Task details
All records below are to be set down precisely as written, excluding pictures.

Extracted information
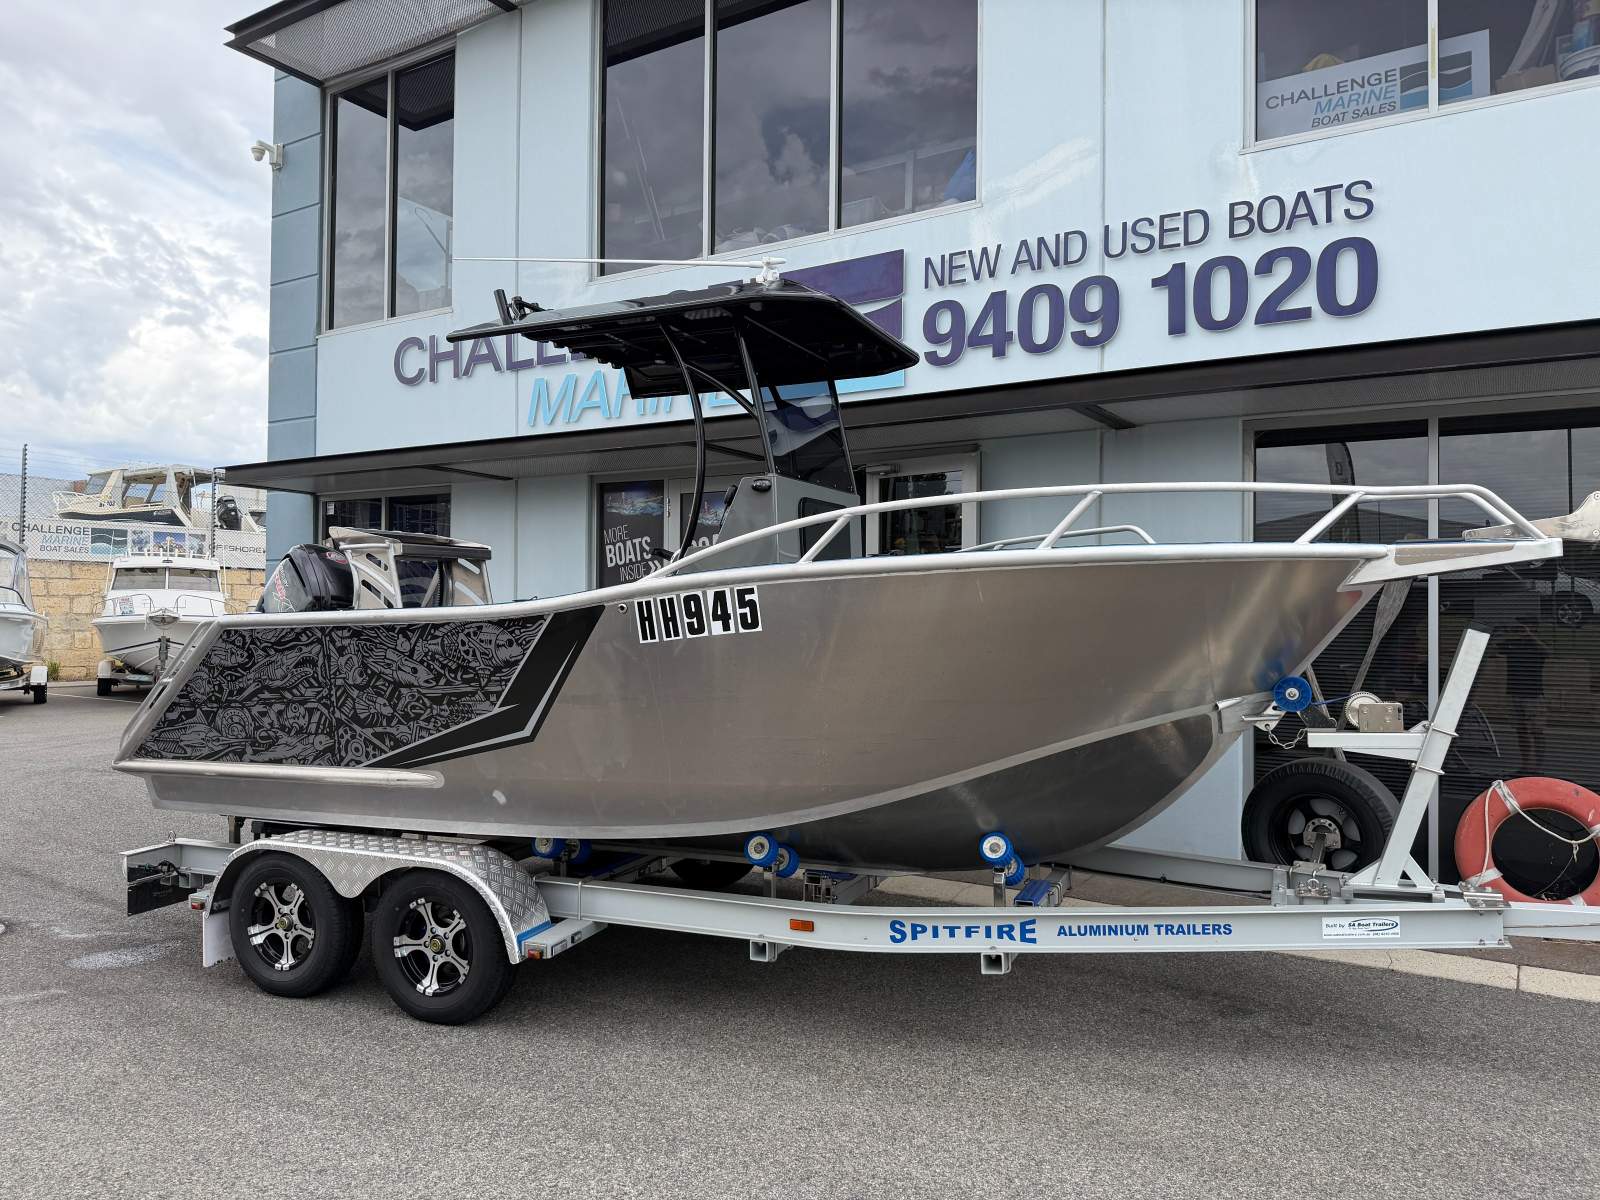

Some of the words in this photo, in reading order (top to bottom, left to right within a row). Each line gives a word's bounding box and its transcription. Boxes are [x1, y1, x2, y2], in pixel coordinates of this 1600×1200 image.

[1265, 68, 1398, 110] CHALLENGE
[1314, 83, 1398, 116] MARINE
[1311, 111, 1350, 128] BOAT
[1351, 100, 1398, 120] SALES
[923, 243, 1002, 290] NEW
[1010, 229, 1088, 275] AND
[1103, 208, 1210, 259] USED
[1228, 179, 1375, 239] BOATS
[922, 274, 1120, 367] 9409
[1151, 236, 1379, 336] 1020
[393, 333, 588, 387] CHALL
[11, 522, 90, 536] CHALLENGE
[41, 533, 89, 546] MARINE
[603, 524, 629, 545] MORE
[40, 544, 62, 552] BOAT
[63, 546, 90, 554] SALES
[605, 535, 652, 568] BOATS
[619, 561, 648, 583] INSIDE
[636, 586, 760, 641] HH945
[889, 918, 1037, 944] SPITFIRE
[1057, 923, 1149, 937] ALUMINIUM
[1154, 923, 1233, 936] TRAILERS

Response
Some of the words in this photo, in reading order (top to bottom, left to right within a row). Each line gives a word's bounding box and its transcription. Boxes are [x1, y1, x2, y2], in pixel coordinates of this 1600×1200 image.

[1265, 68, 1398, 110] CHALLENGE
[1314, 83, 1398, 116] MARINE
[1311, 111, 1350, 128] BOAT
[1351, 100, 1398, 120] SALES
[923, 243, 1002, 290] NEW
[1010, 229, 1088, 275] AND
[1103, 208, 1210, 259] USED
[1228, 179, 1375, 239] BOATS
[922, 274, 1120, 367] 9409
[1151, 236, 1379, 336] 1020
[393, 333, 588, 387] CHALL
[11, 522, 90, 536] CHALLENGE
[41, 533, 89, 546] MARINE
[603, 524, 629, 545] MORE
[40, 544, 62, 552] BOAT
[63, 546, 90, 554] SALES
[605, 535, 652, 568] BOATS
[619, 561, 648, 583] INSIDE
[636, 586, 760, 641] HH945
[889, 918, 1037, 944] SPITFIRE
[1057, 923, 1149, 937] ALUMINIUM
[1154, 923, 1233, 936] TRAILERS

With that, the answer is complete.